• EXERCISE REQUIREMENTS
Only the text belongs in the copy. Transcribe the data exactly and drop any pictures.

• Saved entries
§ §

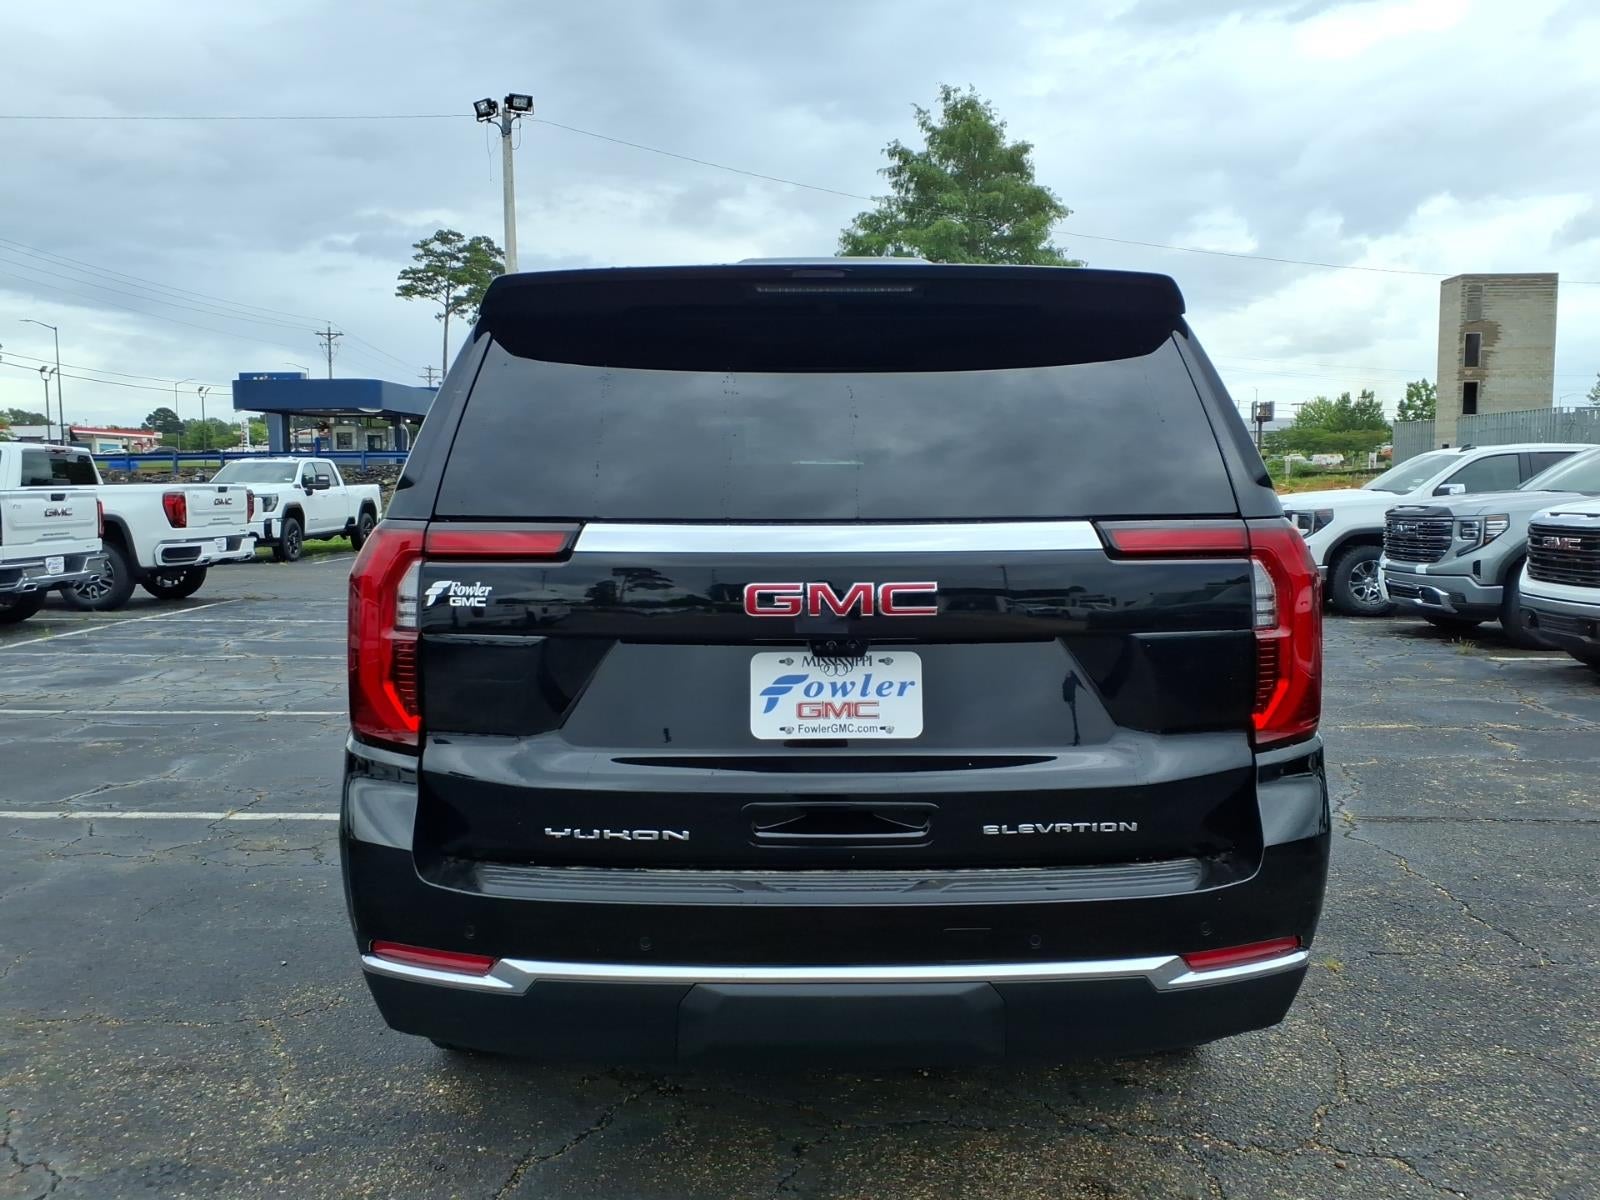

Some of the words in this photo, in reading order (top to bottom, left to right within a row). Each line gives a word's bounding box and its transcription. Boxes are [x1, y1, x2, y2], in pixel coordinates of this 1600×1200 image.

[214, 498, 232, 506] GMC
[44, 508, 72, 517] GMC
[1543, 536, 1582, 550] GMC
[448, 581, 492, 596] Fowler
[449, 597, 487, 607] GMC
[743, 581, 938, 617] GMC
[759, 673, 916, 714] Fowler
[796, 701, 880, 720] GMC
[797, 724, 879, 734] FowlerGMC.com
[543, 827, 690, 841] YUKON
[982, 821, 1139, 835] ELEVATION

§ §

• ANSWER SPACE
Some of the words in this photo, in reading order (top to bottom, left to right within a row). Each line gives a word's bounding box and its transcription. Boxes are [x1, y1, x2, y2], in pixel coordinates of this 1600×1200 image.

[214, 498, 232, 506] GMC
[44, 508, 72, 517] GMC
[1543, 536, 1582, 550] GMC
[448, 581, 492, 596] Fowler
[449, 597, 487, 607] GMC
[743, 581, 938, 617] GMC
[759, 673, 916, 714] Fowler
[796, 701, 880, 720] GMC
[797, 724, 879, 734] FowlerGMC.com
[543, 827, 690, 841] YUKON
[982, 821, 1139, 835] ELEVATION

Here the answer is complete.